Samuel's fever stopped returning yesterday but he had quite a lot of pain to deal with. We were going to start weaning the morphine but I asked them to wait until today. Mark and the kids came in and we were able to get Samuel into the stroller and out for a walk. Picking him up caused an incredible amount of pain and so did sitting up. They stayed long enough to bring me lunch before heading out.

Our Onc came in around 3pm and LMK that apparently they save blood in the lab for a week so he had Samuel's blood tested for pancreatitis on 2/3 and he had it then as well. Not a big surprise to Mark and I because since finding out about it, we feel we are on the tail end of it. Wouldn't you think that if you were giving a poison that can cause this, you would check for it regularly??? I am not sure why they are not a lot more proactive with Samuel's case. Hopefully they will be now.

Yesterday was boring. They decided to not allow Samuel clears after saying it was okay the day before. He was fine with it though. Last night was pretty uneventful until 3am when he woke up in great distress. He also had an "air bag" which is what they are looking for to be sure his intestines are working again. We ended up calling the Resident on call to come and check to be sure he was okay and everyone just figured it was cramps or gas pain. We managed to get him comfortable and back to sleep. This morning the Surgeons came in, saw the air bag and okayed his regular diet. Things are going well with that so far. We are weaning the morphine fast at my request because I want to get him unhooked from the IV pole so we can wander this afternoon. I told the Onc that the Surgeons seem to think I want to camp out here FOREVER and don't know that I have already been here forever. He was sure I would let them know my wishes... LOL. The labs did not include looking at the pancreatic enzymes and when I asked the Surgeons, they did not feel they needed to be looked at every day. I hope they are right. It will be really obvious as I feed him today. What is coming out of his "air bag" looks a lot better than what has been coming out over the last several months. Makes me wonder how long his intestines had been kinked.

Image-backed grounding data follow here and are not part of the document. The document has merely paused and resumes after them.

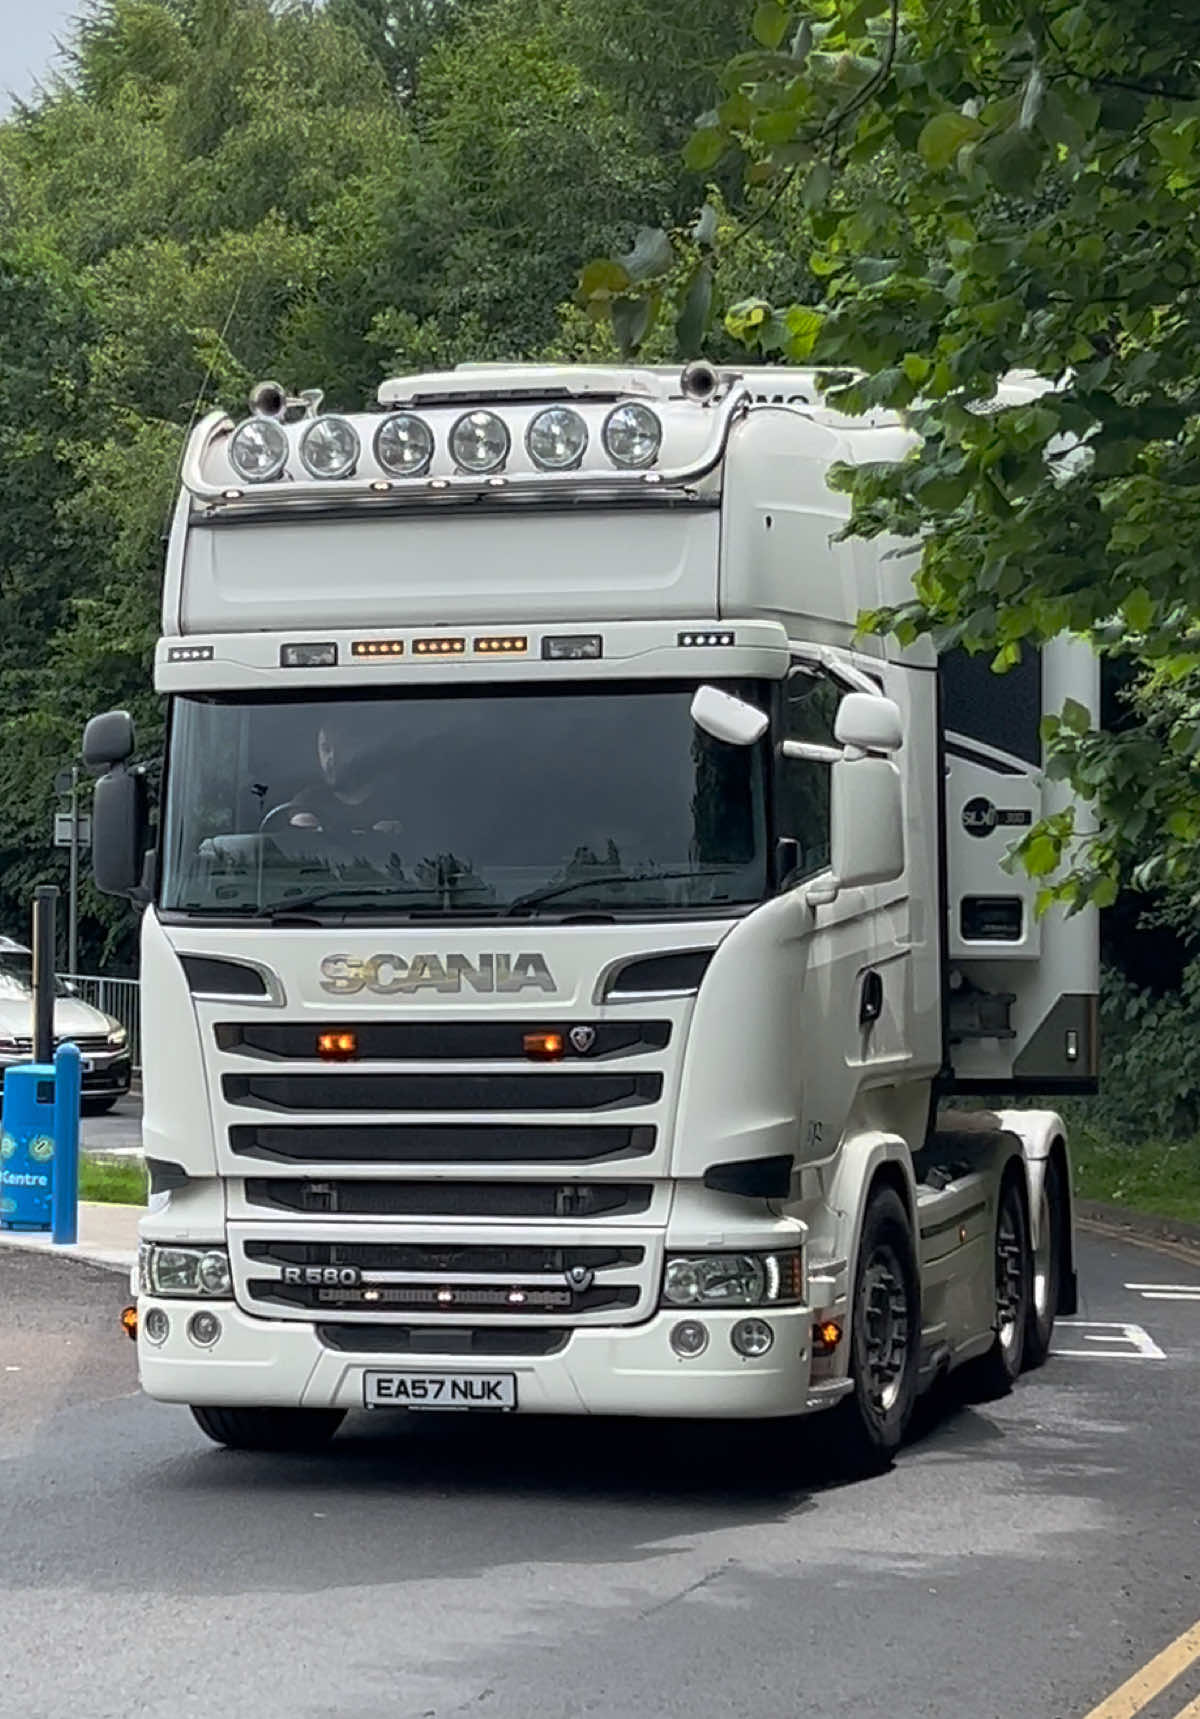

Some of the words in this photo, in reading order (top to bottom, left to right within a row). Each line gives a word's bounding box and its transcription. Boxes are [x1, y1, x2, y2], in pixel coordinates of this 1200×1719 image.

[319, 953, 557, 994] SCANIA
[376, 1378, 446, 1399] EA57
[451, 1380, 503, 1401] NUK
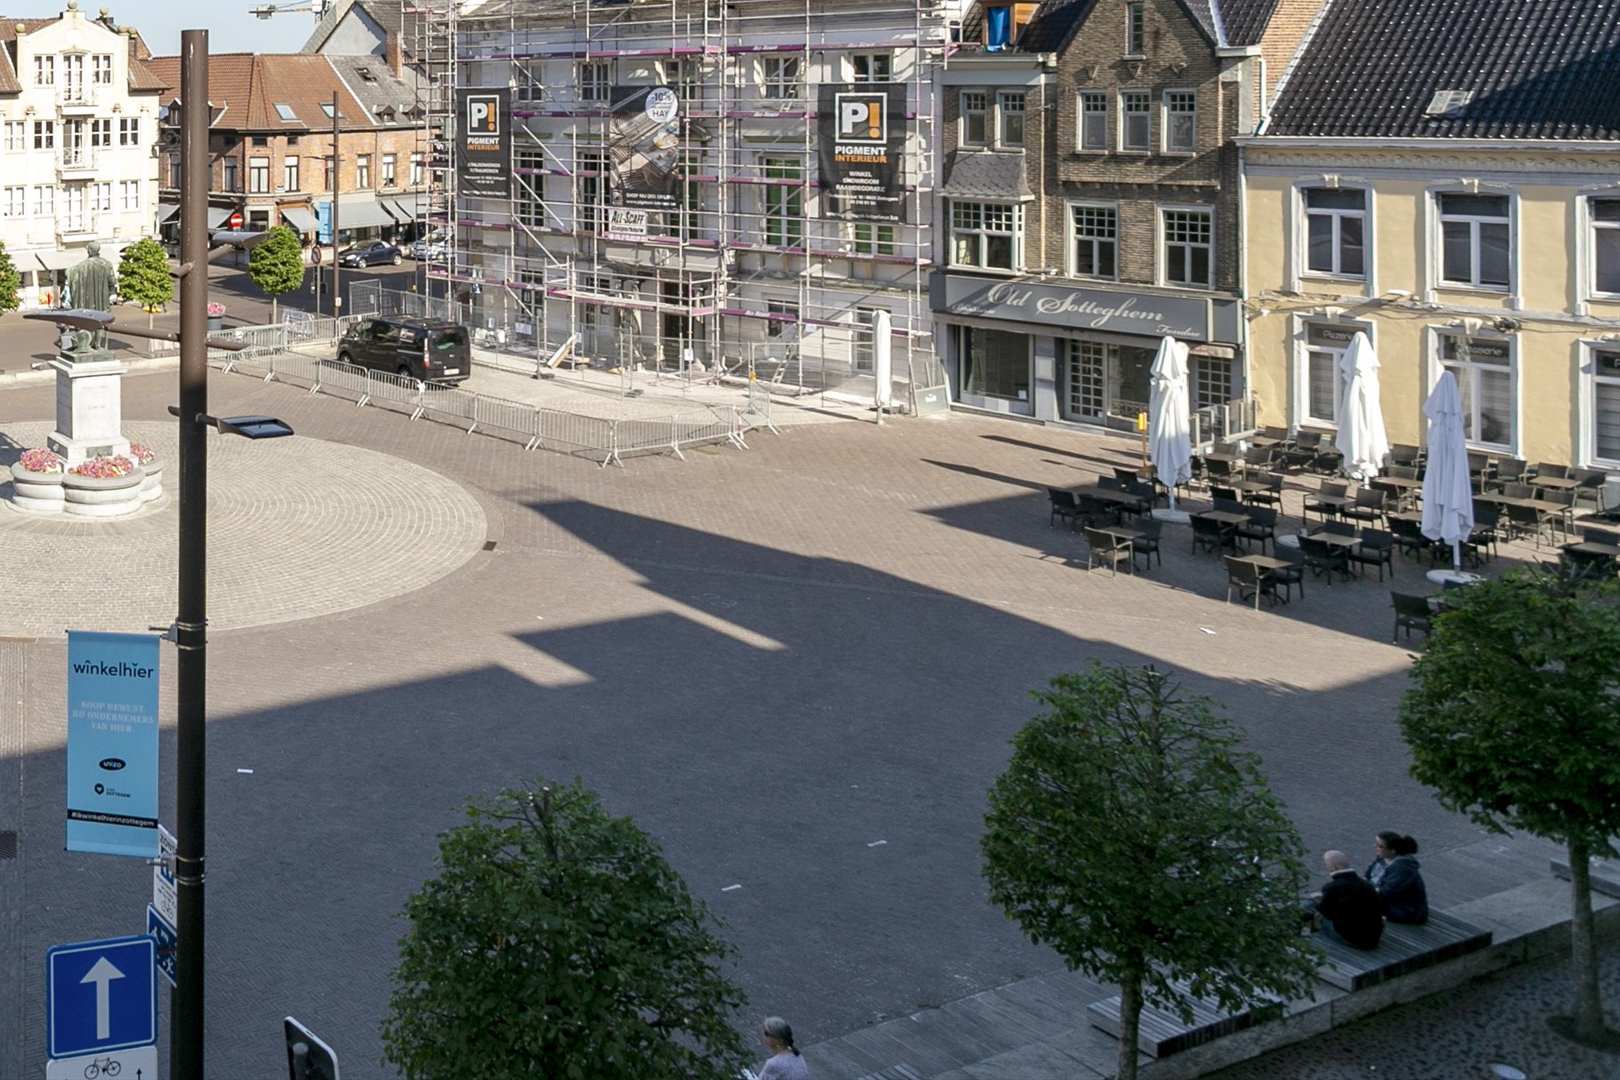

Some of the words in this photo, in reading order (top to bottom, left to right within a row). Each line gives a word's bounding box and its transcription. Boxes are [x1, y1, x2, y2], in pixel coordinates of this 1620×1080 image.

[653, 110, 670, 118] HAY
[467, 137, 500, 145] PIGMENT
[835, 146, 887, 156] PIGMENT
[835, 155, 887, 163] INTERIEUR
[987, 282, 1033, 306] Old
[1036, 291, 1164, 327] Sotteghem
[1156, 324, 1201, 337] Fondue
[81, 700, 105, 710] KOOP
[87, 711, 155, 724] ONDERNEMERS
[91, 721, 108, 731] VAN
[103, 760, 123, 769] unizo
[71, 811, 156, 827] #ikwinkelhierinzottegem

My plan is to get him off morphine, on to regular feeds assuming the pancreatitis does not affect digestion too much and off the monitors so we can be free. As long as he is getting calories elsewhere, the TPN going off for a few hours is not a big deal. If his diet is good, then they can taper the TPN starting even tomorrow. There is no point in asking and pestering them to release us when we are attached to all this extra crap. So one thing at a time...the sad thing is, I know the drill all too well. I guess that is a good thing. Anyone else would be looking at another week here. I think I see light at the end of the tunnel. Samuel's blood cultures came back negative for bacteria which is obvious given his temp has remained normal the last day or so.

The weather is still nice here and as I walked the kids out to the car, I really wanted to be loading up and leaving. I hope we can get Samuel out in the sun even if just for a little while this afternoon. The springlike weather really brings me hope today especially in thinking of how much spring we missed last year. I am looking forward to Samuel having a birthday this year. One we actually celebrate at home, and one of his presents not being chemo.

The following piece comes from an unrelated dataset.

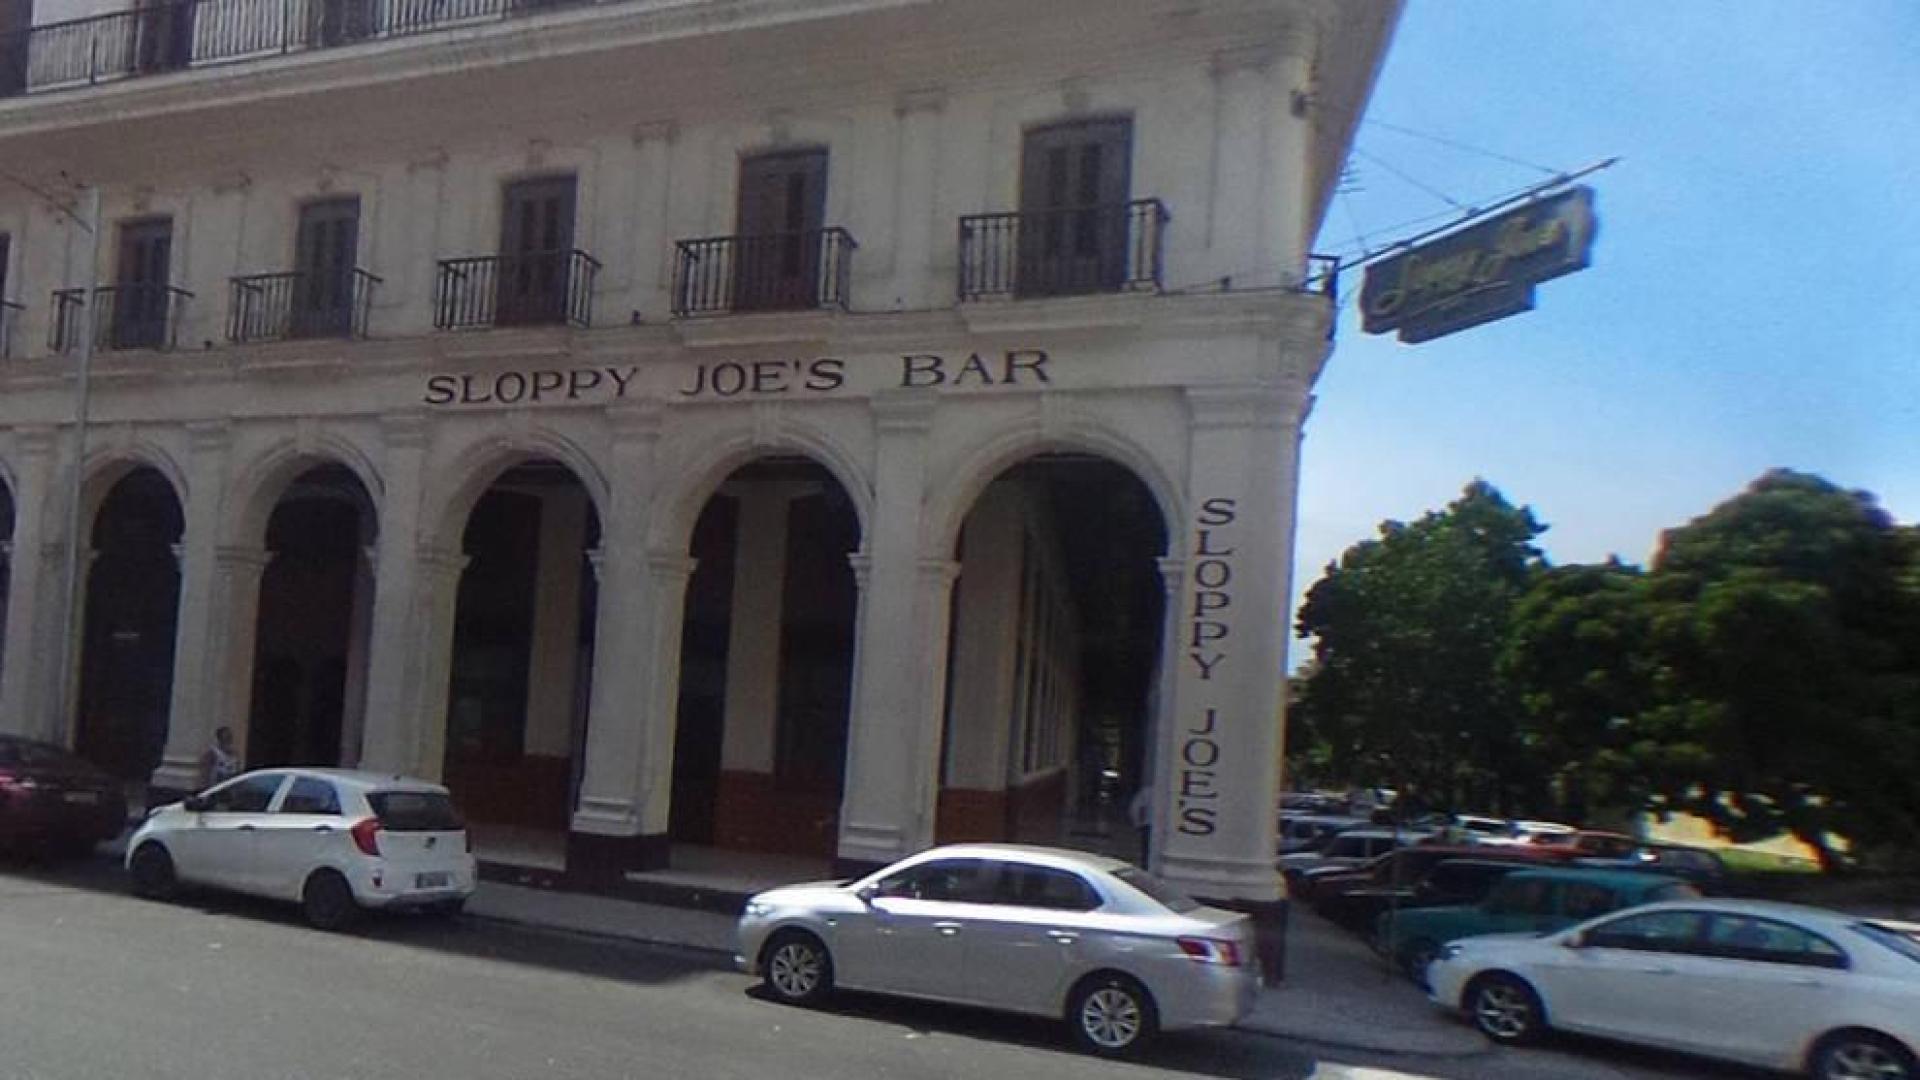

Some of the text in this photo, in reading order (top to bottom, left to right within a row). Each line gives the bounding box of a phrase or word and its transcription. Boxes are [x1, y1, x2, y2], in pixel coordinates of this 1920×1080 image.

I had a long talk with the ND yesterday about what has happened and going off treatment. His advice was to get Samuel whatever chemo he can tolerate and at the point when he goes off treatment to be hooked up, and then later down the road, he had some other things we can do. He also reminded me that my Onc is one of the good ones and while he may seem to be a bit hardened at times, or as I say "all about his poison," he cares. Of course he told me to keep "working" them and I told him that telling the Onc that we were done with chemo REALLY got their attention. As Tracy in VA told me, if they did not think I had a valid point, they would have "done" something about me by now. I keep finding this amusing as I wonder how many more things I can say or do before they want to throw us out.

As far as the Surgeons are concerned, Samuel is improving ahead of schedule so please pray today that there are no set backs and Samuel does what he does best, keeps amazing them with his resilliance. I really really want to be packing up to go home in the next few days.

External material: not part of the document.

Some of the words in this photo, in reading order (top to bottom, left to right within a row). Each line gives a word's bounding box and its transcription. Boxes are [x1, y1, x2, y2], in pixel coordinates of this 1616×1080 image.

Thanks for all the notes and prayers today. Keep storming heaven for Samuel. He wants to go home. So do I. Much love.

2/10/05

Well, the pancreatitis is confirmed by today's labs and based on the visit from the Surgery team this morning, we could be here awhile. They keep changing their minds about how much clear liquid to allow Samuel because they are waiting for his "air bag" to be full of air first. The surgeon told me based on the amount of swelling in the gut, he was in no rush to get him eating again. He would not be surprised if it was a week before his intestines were normal. The pancreatitis only makes things worse for now because he won't be secreting the usual enzymes to break down foods correctly. This would explain why he was able to tolerate breastmilk, and his cultured Oat Milk as they are predigested. The chicken stock is not and that basically came back up a week ago or so and was never tolerated. His air bag does have poop in it today that smells like I would expect breast milk poop to smell. So the foul horrible crap he was making must be gone. They sent him back from surgery with the NG suction in place but removed the NG feeding tube which is annoying because it is a lot harder to push things down the suction tube and we cannot use the G-tube for several more days. Based on today's visit and labs, it may not even be an issue. Listening to them today, we could still be here another week. The enzyme values on the lab sheet did go down a bit today so are headed in the right direction at lesat. I think they are going to proceed with great caution with Samuel now, which is good for him, but sucks for the time we may be staying here.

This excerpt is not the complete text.